*Task to complete*. Without any of the pictures, set down the data below exactly.

Referring expression grounding data
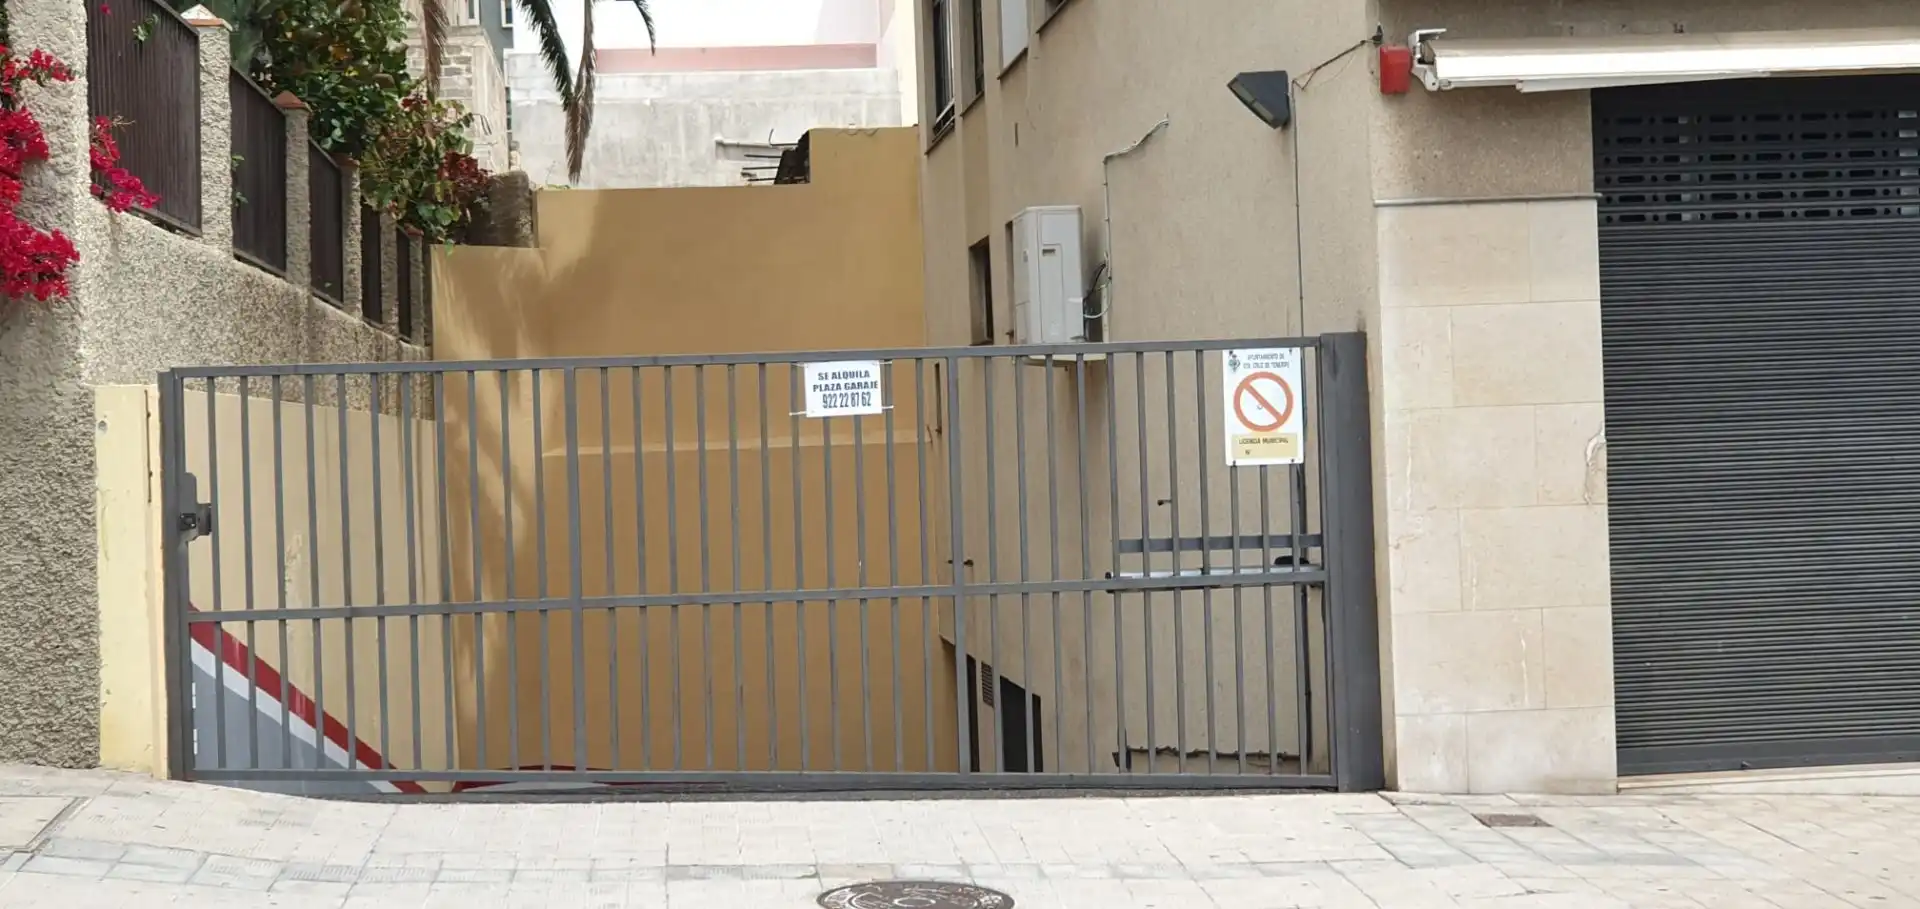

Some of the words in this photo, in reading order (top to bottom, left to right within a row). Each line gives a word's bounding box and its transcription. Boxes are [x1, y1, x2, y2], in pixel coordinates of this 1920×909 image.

[818, 372, 829, 380] SE
[831, 370, 871, 380] ALQUILA
[813, 383, 842, 392] PLAZA
[844, 381, 878, 391] GARAJE
[822, 393, 838, 409] 922
[839, 392, 849, 408] 22
[861, 391, 872, 407] 62
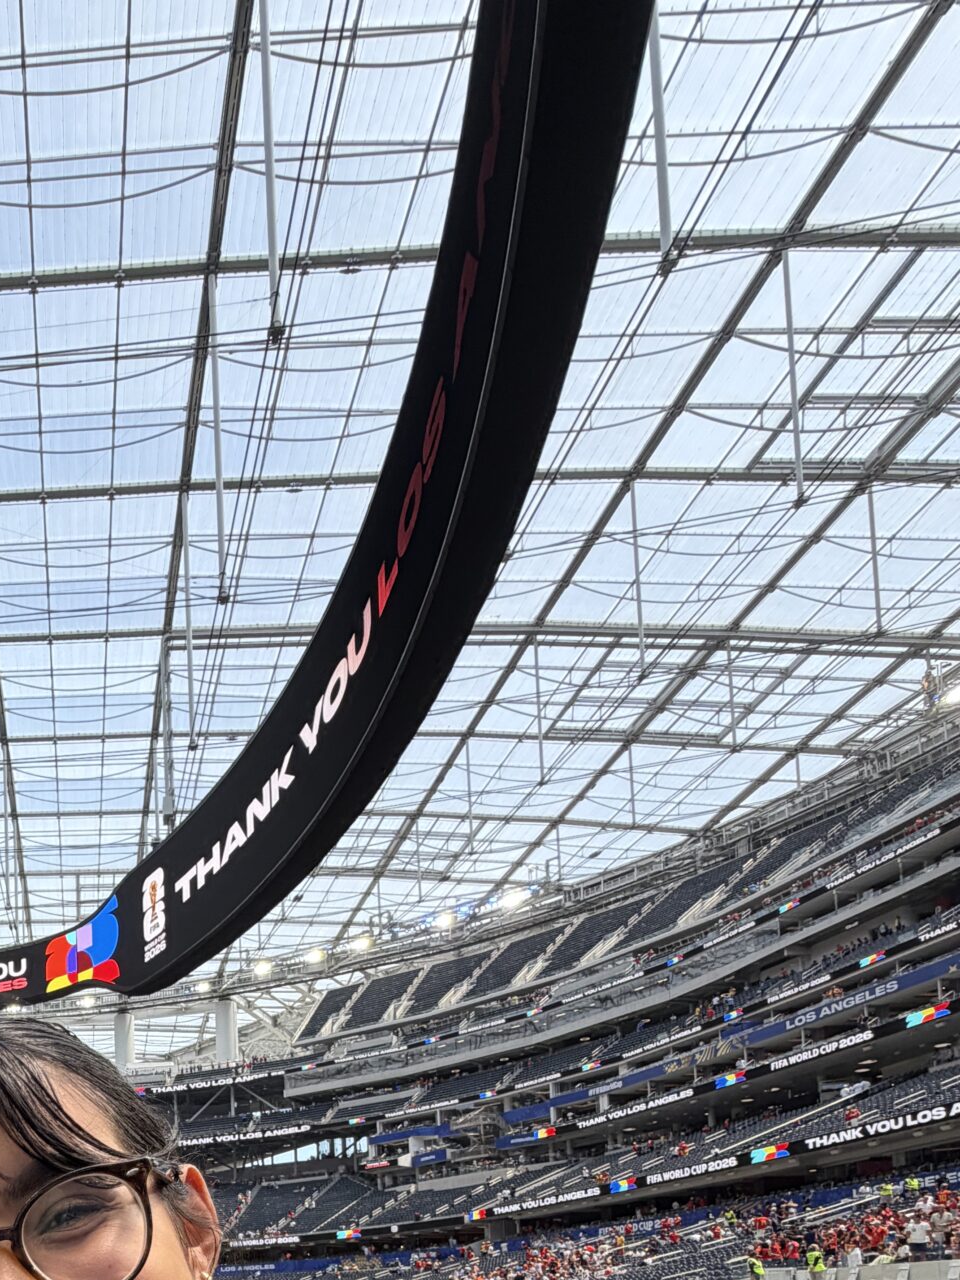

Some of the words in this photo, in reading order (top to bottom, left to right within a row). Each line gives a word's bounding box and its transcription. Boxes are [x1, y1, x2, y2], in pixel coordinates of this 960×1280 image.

[175, 744, 296, 904] THANK
[299, 597, 372, 755] YOU
[918, 920, 958, 942] THANK
[785, 1010, 817, 1030] LOS
[818, 979, 899, 1019] ANGELES
[770, 1060, 789, 1071] FIFA
[788, 1048, 819, 1066] WORLD
[819, 1042, 839, 1055] CUP
[838, 1030, 874, 1050] 2026
[150, 1083, 188, 1094] THANK
[189, 1080, 211, 1089] YOU
[212, 1077, 234, 1086] LOS
[576, 1115, 607, 1129] THANK
[607, 1108, 627, 1120] YOU
[627, 1102, 647, 1115] LOS
[647, 1088, 694, 1109] ANGELES
[178, 1137, 214, 1147] THANK
[215, 1133, 239, 1143] YOU
[239, 1131, 262, 1140] LOS
[804, 1126, 864, 1150] THANK
[866, 1116, 904, 1135] YOU
[906, 1106, 946, 1127] LOS
[646, 1174, 664, 1185] FIFA
[663, 1168, 691, 1181] WORLD
[690, 1162, 708, 1175] CUP
[707, 1156, 738, 1172] 2026
[493, 1203, 521, 1215] THANK
[522, 1199, 540, 1210] YOU
[540, 1195, 558, 1205] LOS
[558, 1187, 601, 1203] ANGELES
[243, 1238, 264, 1247] WORLD
[264, 1236, 277, 1244] CUP
[220, 1264, 236, 1272] LOS
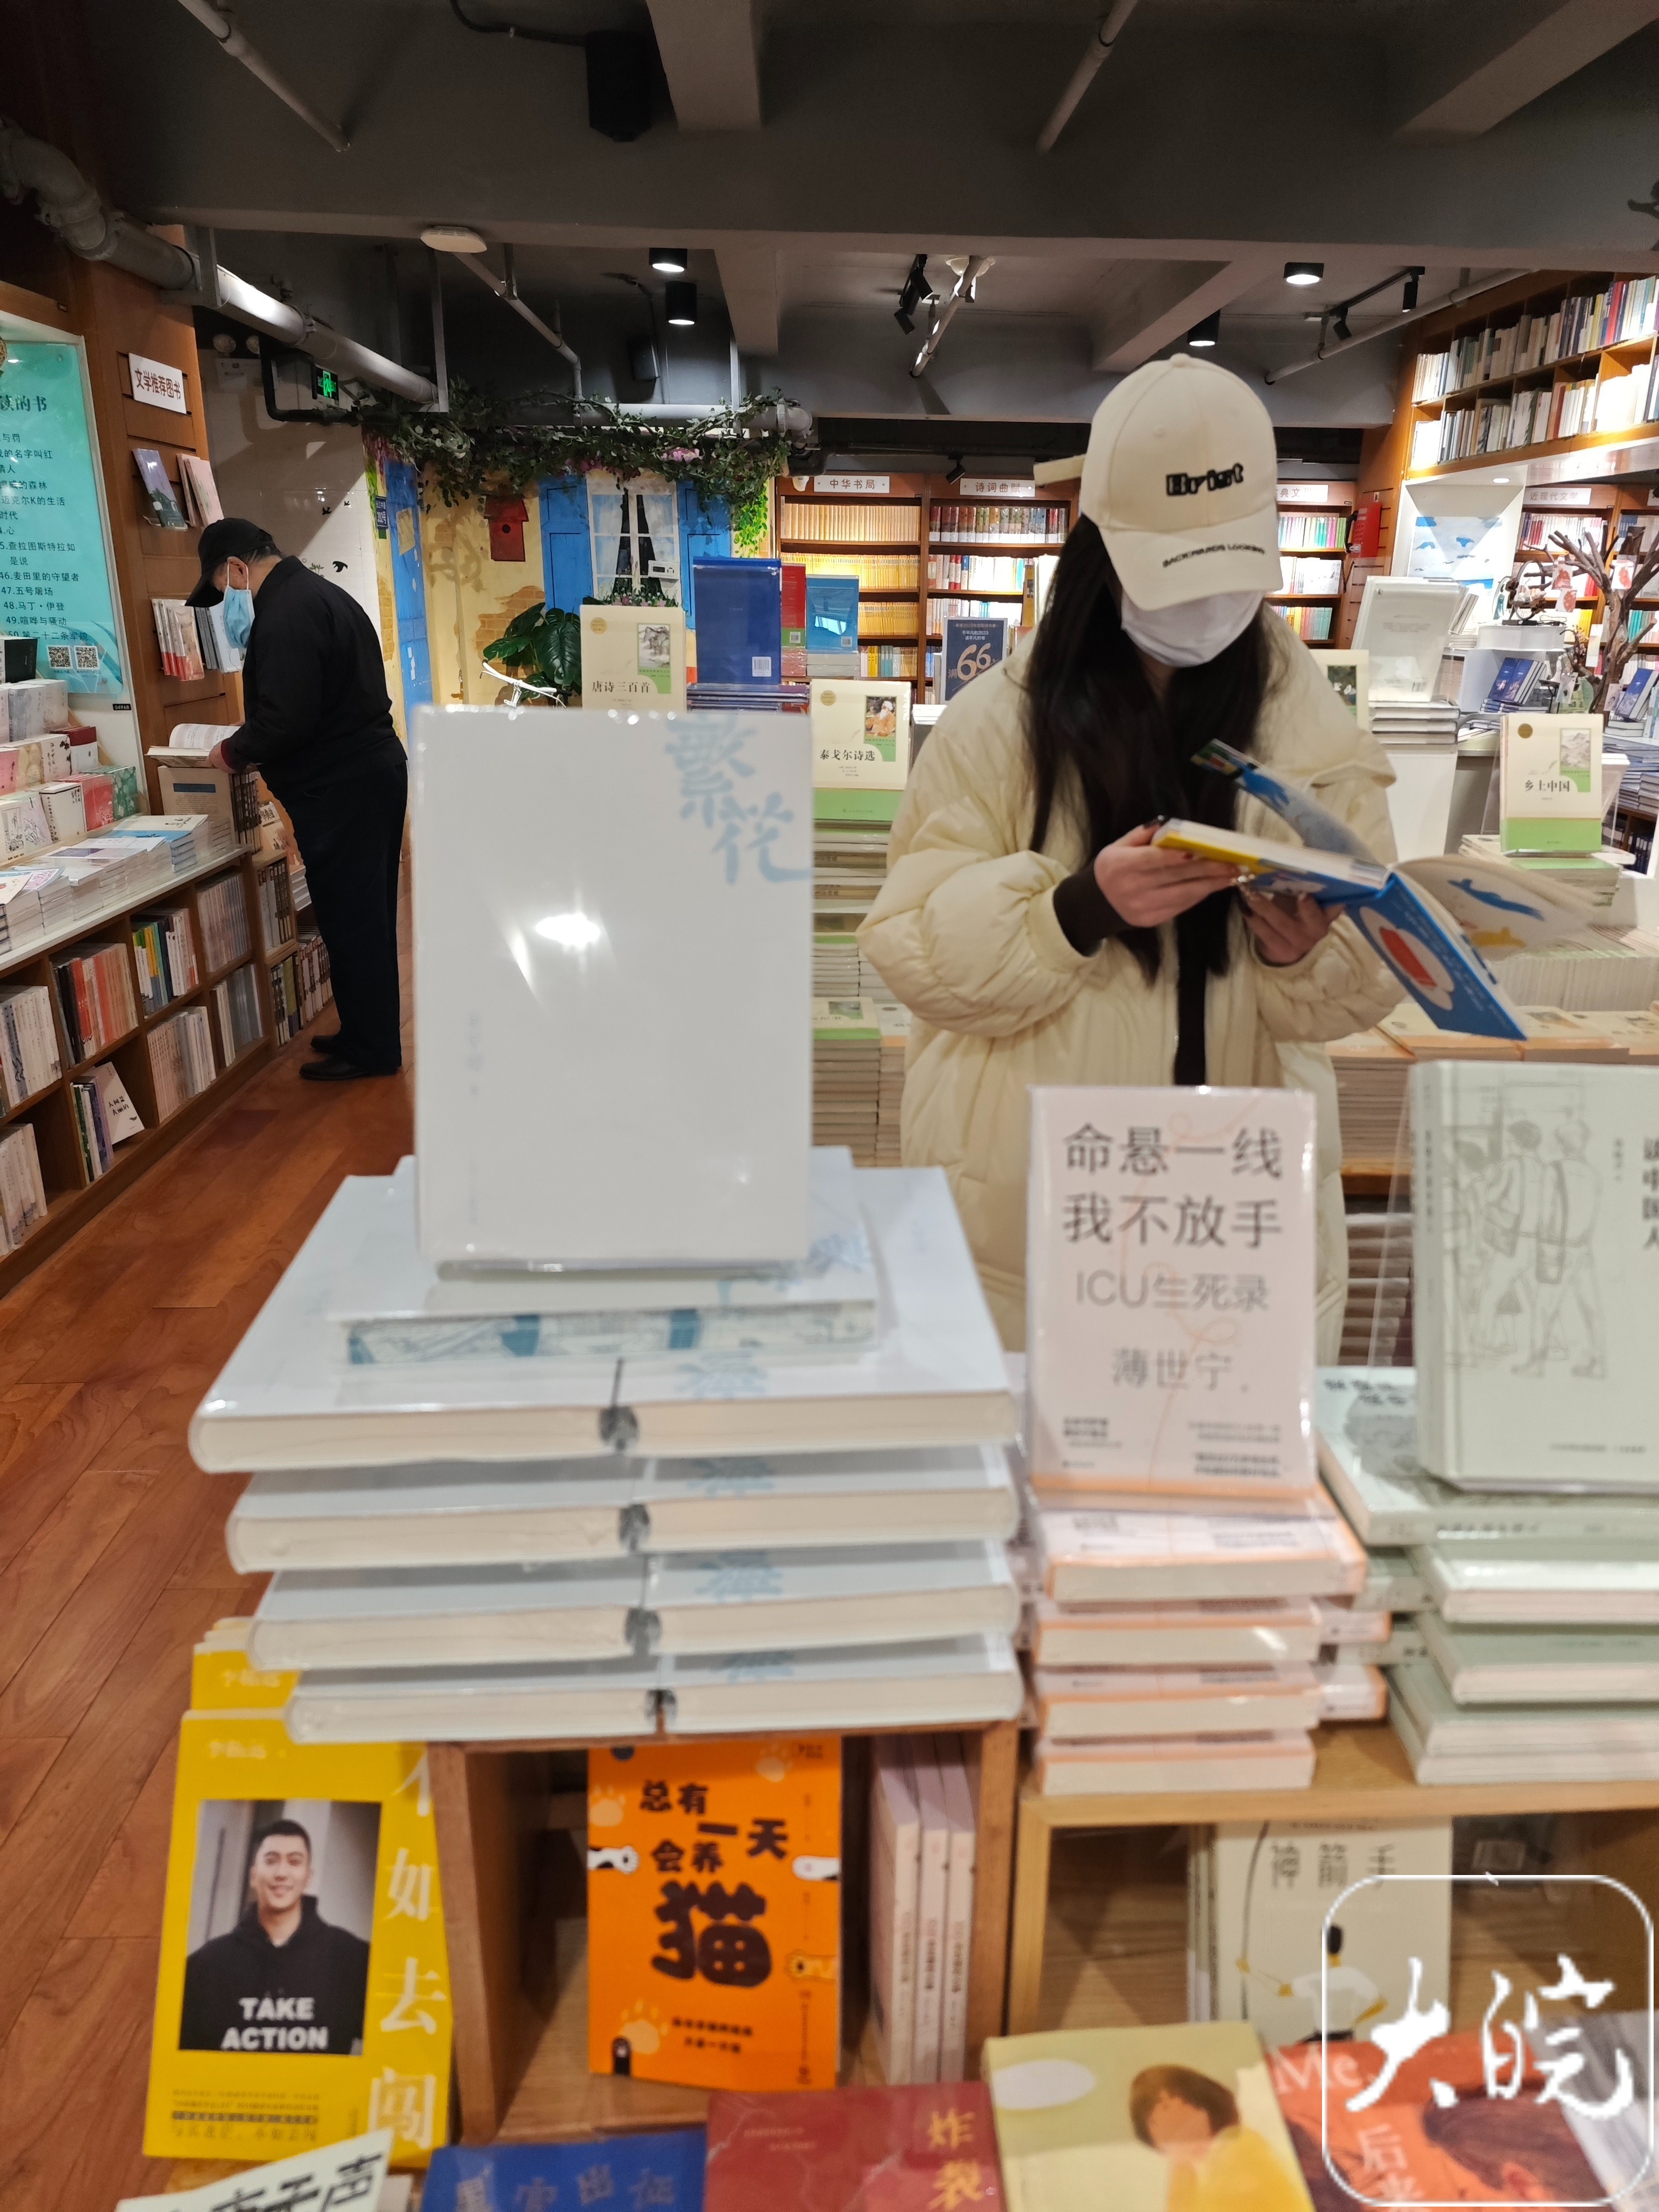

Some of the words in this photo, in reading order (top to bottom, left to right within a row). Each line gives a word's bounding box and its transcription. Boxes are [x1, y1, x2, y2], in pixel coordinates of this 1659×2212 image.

[134, 368, 181, 400] 文学推荐图书
[830, 479, 875, 489] 中华书局
[975, 482, 1021, 493] 诗词曲赋
[1530, 491, 1579, 501] 近现代文学
[10, 556, 29, 566] 是说
[1, 586, 53, 596] 47.五号屠场
[6, 616, 67, 626] 49.喧哗与骚动
[592, 680, 649, 693] 唐诗三百首
[820, 749, 875, 761] 泰戈尔诗选
[1524, 780, 1570, 792] 乡土中国
[1063, 1122, 1283, 1179] 命悬一线
[1063, 1192, 1283, 1247] 我不放手
[1077, 1269, 1270, 1311] ICU生死录
[1114, 1349, 1232, 1391] 薄世宁
[640, 1780, 709, 1816] 总有
[697, 1818, 788, 1860] 一天
[651, 1839, 724, 1874] 会养
[651, 1879, 772, 1989] 猫
[238, 1997, 315, 2021] TAKE
[221, 2026, 329, 2051] ACTION

*Completed task*.
Some of the words in this photo, in reading order (top to bottom, left to right within a row). Each line gives a word's bounding box and its transcription. Boxes are [x1, y1, x2, y2], in pixel coordinates of this 1920×909 image.

[818, 372, 829, 380] SE
[831, 370, 871, 380] ALQUILA
[813, 383, 842, 392] PLAZA
[844, 381, 878, 391] GARAJE
[822, 393, 838, 409] 922
[839, 392, 849, 408] 22
[861, 391, 872, 407] 62

Some of the words in this photo, in reading order (top to bottom, left to right within a row). Each line gives a word's bounding box and its transcription. Boxes are [x1, y1, x2, y2], in pixel coordinates of this 960×1280 image.

[175, 744, 296, 904] THANK
[299, 597, 372, 755] YOU
[918, 920, 958, 942] THANK
[785, 1010, 817, 1030] LOS
[818, 979, 899, 1019] ANGELES
[770, 1060, 789, 1071] FIFA
[788, 1048, 819, 1066] WORLD
[819, 1042, 839, 1055] CUP
[838, 1030, 874, 1050] 2026
[150, 1083, 188, 1094] THANK
[189, 1080, 211, 1089] YOU
[212, 1077, 234, 1086] LOS
[576, 1115, 607, 1129] THANK
[607, 1108, 627, 1120] YOU
[627, 1102, 647, 1115] LOS
[647, 1088, 694, 1109] ANGELES
[178, 1137, 214, 1147] THANK
[215, 1133, 239, 1143] YOU
[239, 1131, 262, 1140] LOS
[804, 1126, 864, 1150] THANK
[866, 1116, 904, 1135] YOU
[906, 1106, 946, 1127] LOS
[646, 1174, 664, 1185] FIFA
[663, 1168, 691, 1181] WORLD
[690, 1162, 708, 1175] CUP
[707, 1156, 738, 1172] 2026
[493, 1203, 521, 1215] THANK
[522, 1199, 540, 1210] YOU
[540, 1195, 558, 1205] LOS
[558, 1187, 601, 1203] ANGELES
[243, 1238, 264, 1247] WORLD
[264, 1236, 277, 1244] CUP
[220, 1264, 236, 1272] LOS

Some of the words in this photo, in reading order (top to bottom, left to right within a row). Each line gives a word's bounding box and its transcription. Boxes are [x1, y1, x2, y2], in pixel coordinates of this 1659×2212 image.

[134, 368, 181, 400] 文学推荐图书
[830, 479, 875, 489] 中华书局
[975, 482, 1021, 493] 诗词曲赋
[1530, 491, 1579, 501] 近现代文学
[10, 556, 29, 566] 是说
[1, 586, 53, 596] 47.五号屠场
[6, 616, 67, 626] 49.喧哗与骚动
[592, 680, 649, 693] 唐诗三百首
[820, 749, 875, 761] 泰戈尔诗选
[1524, 780, 1570, 792] 乡土中国
[1063, 1122, 1283, 1179] 命悬一线
[1063, 1192, 1283, 1247] 我不放手
[1077, 1269, 1270, 1311] ICU生死录
[1114, 1349, 1232, 1391] 薄世宁
[640, 1780, 709, 1816] 总有
[697, 1818, 788, 1860] 一天
[651, 1839, 724, 1874] 会养
[651, 1879, 772, 1989] 猫
[238, 1997, 315, 2021] TAKE
[221, 2026, 329, 2051] ACTION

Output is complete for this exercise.